Exercise: All records are to be restated word for word, with pictures excluded.

[[ Exercise materials, beginning ]]

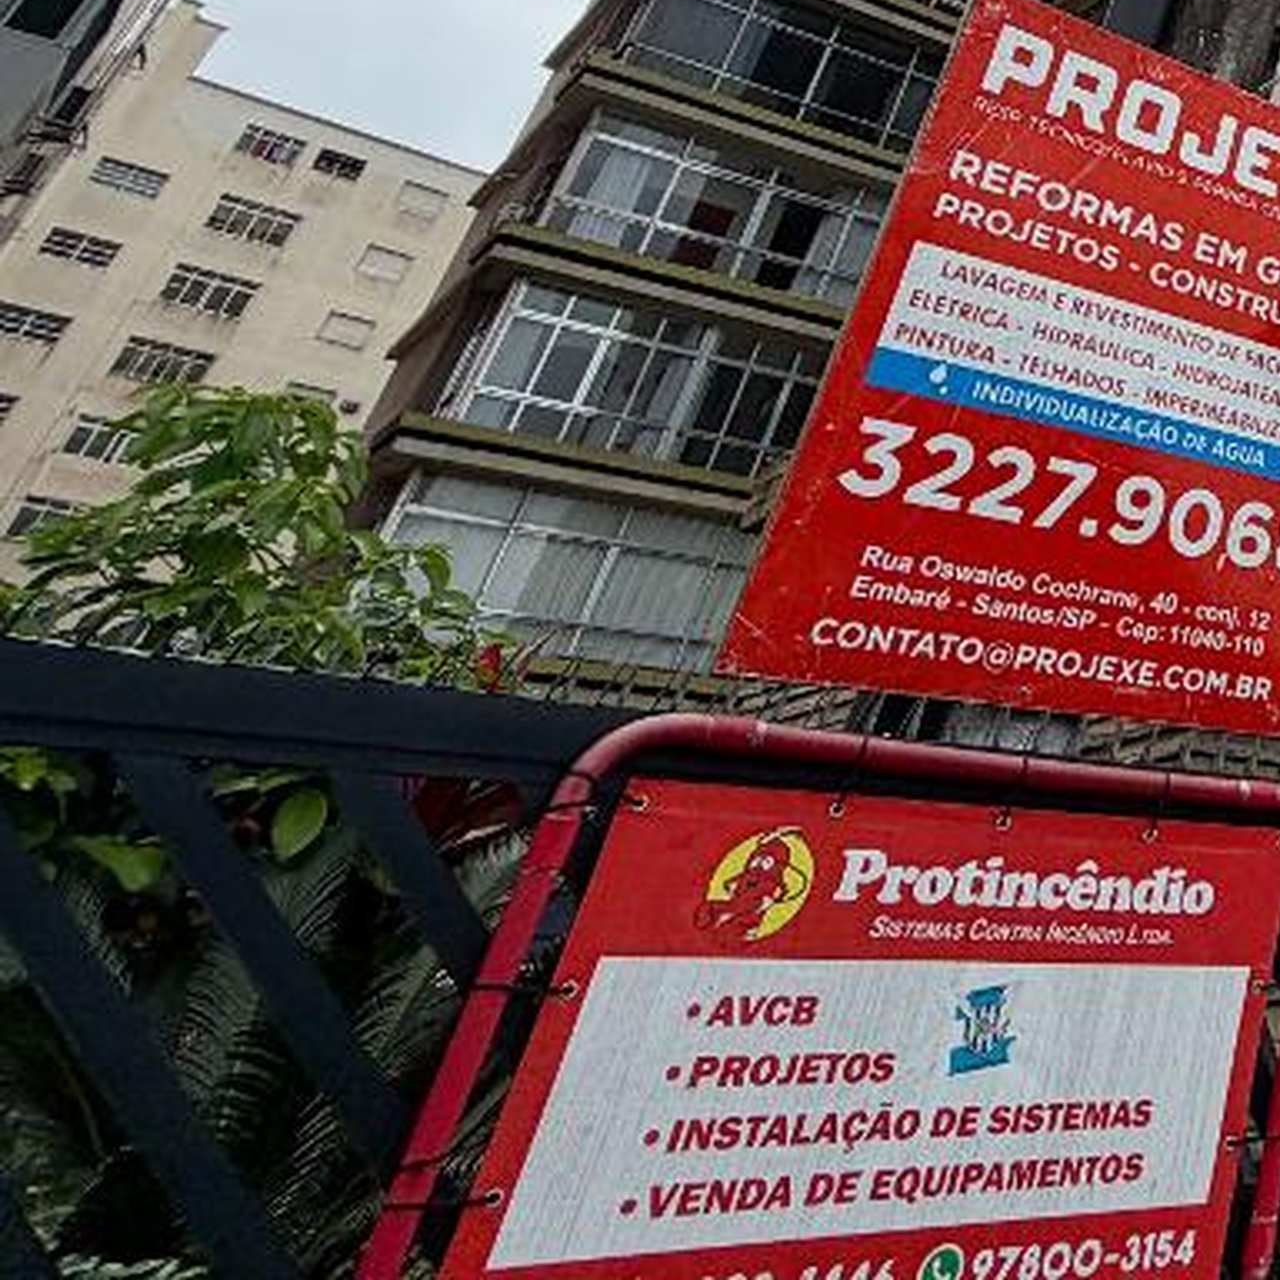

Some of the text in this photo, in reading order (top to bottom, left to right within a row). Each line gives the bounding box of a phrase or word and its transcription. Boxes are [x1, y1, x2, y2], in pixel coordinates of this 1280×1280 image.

[930, 191, 1122, 274] PROJETOS
[946, 149, 1187, 254] REFORMAS
[1191, 231, 1249, 275] EM
[938, 258, 1048, 306] LAVAGEM
[1051, 291, 1068, 311] E
[1216, 340, 1242, 362] DE
[892, 321, 999, 366] PINTURA
[1017, 352, 1128, 398] TELHADOS
[1180, 432, 1209, 454] DE
[848, 572, 954, 610] Embaré
[969, 591, 1098, 632] Santos/SP
[858, 545, 917, 574] Rua
[916, 553, 1029, 592] Oswaldo
[1147, 588, 1180, 616] 40
[1247, 609, 1272, 631] 12
[809, 617, 1271, 702] CONTATO@PROJEXE.COM.BR
[833, 849, 1215, 914] Protincêndio
[706, 996, 819, 1026] AVCB
[686, 1053, 896, 1088] PROJETOS
[666, 1099, 1152, 1153] INSTALAÇÃO DE SISTEMAS
[648, 1153, 1144, 1217] VENDA DE EQUIPAMENTOS
[972, 1229, 1196, 1280] 97800-3154

[[ Exercise materials, end ]]

Task output:
Some of the text in this photo, in reading order (top to bottom, left to right within a row). Each line gives the bounding box of a phrase or word and its transcription. Boxes are [x1, y1, x2, y2], in pixel coordinates of this 1280×1280 image.

[930, 191, 1122, 274] PROJETOS
[946, 149, 1187, 254] REFORMAS
[1191, 231, 1249, 275] EM
[938, 258, 1048, 306] LAVAGEM
[1051, 291, 1068, 311] E
[1216, 340, 1242, 362] DE
[892, 321, 999, 366] PINTURA
[1017, 352, 1128, 398] TELHADOS
[1180, 432, 1209, 454] DE
[848, 572, 954, 610] Embaré
[969, 591, 1098, 632] Santos/SP
[858, 545, 917, 574] Rua
[916, 553, 1029, 592] Oswaldo
[1147, 588, 1180, 616] 40
[1247, 609, 1272, 631] 12
[809, 617, 1271, 702] CONTATO@PROJEXE.COM.BR
[833, 849, 1215, 914] Protincêndio
[706, 996, 819, 1026] AVCB
[686, 1053, 896, 1088] PROJETOS
[666, 1099, 1152, 1153] INSTALAÇÃO DE SISTEMAS
[648, 1153, 1144, 1217] VENDA DE EQUIPAMENTOS
[972, 1229, 1196, 1280] 97800-3154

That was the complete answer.